◆ Task description
Retype the records exactly.

---

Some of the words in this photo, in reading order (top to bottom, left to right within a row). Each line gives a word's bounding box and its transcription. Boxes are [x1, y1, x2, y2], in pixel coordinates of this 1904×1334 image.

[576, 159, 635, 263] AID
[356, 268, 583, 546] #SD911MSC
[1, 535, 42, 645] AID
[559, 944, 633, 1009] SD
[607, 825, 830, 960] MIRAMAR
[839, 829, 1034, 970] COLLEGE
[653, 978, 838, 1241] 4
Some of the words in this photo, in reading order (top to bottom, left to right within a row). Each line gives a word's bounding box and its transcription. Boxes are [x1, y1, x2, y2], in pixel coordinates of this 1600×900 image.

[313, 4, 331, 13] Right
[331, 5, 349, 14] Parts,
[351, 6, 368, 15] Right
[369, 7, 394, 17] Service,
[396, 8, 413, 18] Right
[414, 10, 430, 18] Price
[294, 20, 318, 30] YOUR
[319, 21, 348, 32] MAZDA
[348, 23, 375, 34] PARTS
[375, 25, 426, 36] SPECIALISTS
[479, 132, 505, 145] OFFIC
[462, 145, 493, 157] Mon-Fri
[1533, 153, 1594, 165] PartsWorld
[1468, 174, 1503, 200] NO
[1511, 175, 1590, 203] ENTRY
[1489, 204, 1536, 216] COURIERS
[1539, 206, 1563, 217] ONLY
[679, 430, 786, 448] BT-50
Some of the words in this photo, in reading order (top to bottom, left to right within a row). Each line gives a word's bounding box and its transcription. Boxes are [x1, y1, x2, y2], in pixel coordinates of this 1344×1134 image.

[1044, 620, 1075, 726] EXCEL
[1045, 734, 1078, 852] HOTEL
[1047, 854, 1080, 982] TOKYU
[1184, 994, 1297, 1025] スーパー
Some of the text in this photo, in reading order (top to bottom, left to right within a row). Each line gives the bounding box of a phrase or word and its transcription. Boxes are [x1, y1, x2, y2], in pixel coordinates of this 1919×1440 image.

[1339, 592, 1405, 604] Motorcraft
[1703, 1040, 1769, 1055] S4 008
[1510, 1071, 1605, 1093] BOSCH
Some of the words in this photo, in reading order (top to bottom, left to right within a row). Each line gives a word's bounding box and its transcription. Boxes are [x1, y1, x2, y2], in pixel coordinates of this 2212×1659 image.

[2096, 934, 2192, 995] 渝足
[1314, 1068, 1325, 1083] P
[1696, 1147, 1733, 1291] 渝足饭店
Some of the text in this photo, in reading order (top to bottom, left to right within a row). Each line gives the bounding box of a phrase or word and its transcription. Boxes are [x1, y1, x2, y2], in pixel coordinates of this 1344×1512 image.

---

◆ Solution to this task
Some of the words in this photo, in reading order (top to bottom, left to right within a row). Each line gives a word's bounding box and its transcription. Boxes are [x1, y1, x2, y2], in pixel coordinates of this 1904×1334 image.

[576, 159, 635, 263] AID
[356, 268, 583, 546] #SD911MSC
[1, 535, 42, 645] AID
[559, 944, 633, 1009] SD
[607, 825, 830, 960] MIRAMAR
[839, 829, 1034, 970] COLLEGE
[653, 978, 838, 1241] 4
Some of the words in this photo, in reading order (top to bottom, left to right within a row). Each line gives a word's bounding box and its transcription. Boxes are [x1, y1, x2, y2], in pixel coordinates of this 1600×900 image.

[313, 4, 331, 13] Right
[331, 5, 349, 14] Parts,
[351, 6, 368, 15] Right
[369, 7, 394, 17] Service,
[396, 8, 413, 18] Right
[414, 10, 430, 18] Price
[294, 20, 318, 30] YOUR
[319, 21, 348, 32] MAZDA
[348, 23, 375, 34] PARTS
[375, 25, 426, 36] SPECIALISTS
[479, 132, 505, 145] OFFIC
[462, 145, 493, 157] Mon-Fri
[1533, 153, 1594, 165] PartsWorld
[1468, 174, 1503, 200] NO
[1511, 175, 1590, 203] ENTRY
[1489, 204, 1536, 216] COURIERS
[1539, 206, 1563, 217] ONLY
[679, 430, 786, 448] BT-50
Some of the words in this photo, in reading order (top to bottom, left to right within a row). Each line gives a word's bounding box and its transcription. Boxes are [x1, y1, x2, y2], in pixel coordinates of this 1344×1134 image.

[1044, 620, 1075, 726] EXCEL
[1045, 734, 1078, 852] HOTEL
[1047, 854, 1080, 982] TOKYU
[1184, 994, 1297, 1025] スーパー
Some of the text in this photo, in reading order (top to bottom, left to right within a row). Each line gives the bounding box of a phrase or word and its transcription. Boxes are [x1, y1, x2, y2], in pixel coordinates of this 1919×1440 image.

[1339, 592, 1405, 604] Motorcraft
[1703, 1040, 1769, 1055] S4 008
[1510, 1071, 1605, 1093] BOSCH
Some of the words in this photo, in reading order (top to bottom, left to right within a row). Each line gives a word's bounding box and its transcription. Boxes are [x1, y1, x2, y2], in pixel coordinates of this 2212×1659 image.

[2096, 934, 2192, 995] 渝足
[1314, 1068, 1325, 1083] P
[1696, 1147, 1733, 1291] 渝足饭店
Some of the text in this photo, in reading order (top to bottom, left to right within a row). Each line gives the bounding box of a phrase or word and its transcription. Boxes are [x1, y1, x2, y2], in pixel coordinates of this 1344×1512 image.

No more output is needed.